By Judy Reed
A resident has filed petition language with the Kent County elections office to recall Cedar Springs City Council members Patricia Troost and Ashley Bremmer.
According to a letter sent to the council members by Kent County Elections Director Susan deStiguer, a clarity hearing on the petition language has been set for Tuesday, December 31, at 8 a.m., in the second floor Training Room of the Kent County Administration Building, 300 Monroe Ave NW, Grand Rapids.
The Kent County Elections Commission, made up of the Chief Probate Judge, the Kent County clerk, and the Kent County treasurer, will decide if the language is clear and understandable to anyone reading the petition. The meeting is open to the public, and a decision will be made at the meeting.
If the language is approved, it will be good for 180 days, and they must obtain all 170 signatures within 90 days. It would then go on the next ballot.
The petition language, filed by Mark Laws, gives two reasons for the recall.

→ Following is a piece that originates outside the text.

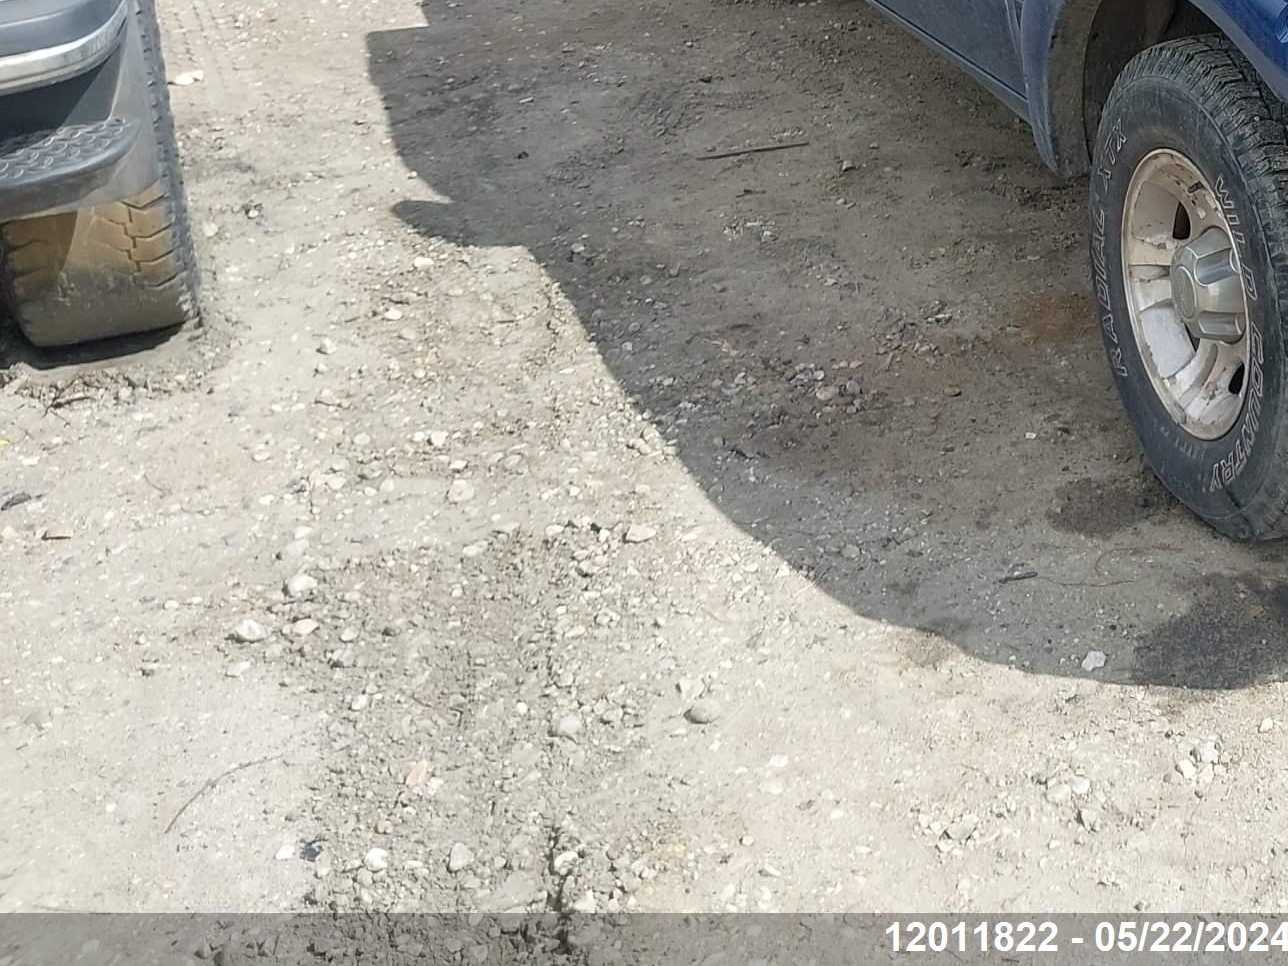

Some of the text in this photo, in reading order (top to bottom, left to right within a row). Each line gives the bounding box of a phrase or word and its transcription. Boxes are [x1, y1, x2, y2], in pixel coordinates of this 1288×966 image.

1) Violated public trust by not following policy, procedure and protocol for the open meetings act—Act 267 of 1976, effective March 31, 1977.
2) Violated public trust by stating the process procedure to be followed for considering possible new city logo and then disregarded the process without notice.
The Post asked Laws to clarify what the exact actions were that the council did not follow. “The first one has to do with when they had a closed meeting and beat up on Bob (Truesdale),” explained Laws. “The Open meetings act says if a person wants to have an open meeting, they are supposed to have that option. Bob didn’t know that. They beat up on him pretty bad (verbally). It was loud—you could hear it through the walls.” Truesdale himself made a statement at a recent meeting that he didn’t know he had the right to end the closed session whenever he wanted to.
Laws said the second reason for recall had to do with the process the city council used with choosing a new logo and tagline. “They have a process where when they are going to change a policy, they will accept public comment at one meeting, and then vote at the next meeting. They didn’t do that. Last year they started to work on the logo and said the public could comment. They had said they would bring back three options for people to vote on or comment on. The logo we saw was a brand new one. No one knew about it until the day it appeared in the Post and they voted on it.”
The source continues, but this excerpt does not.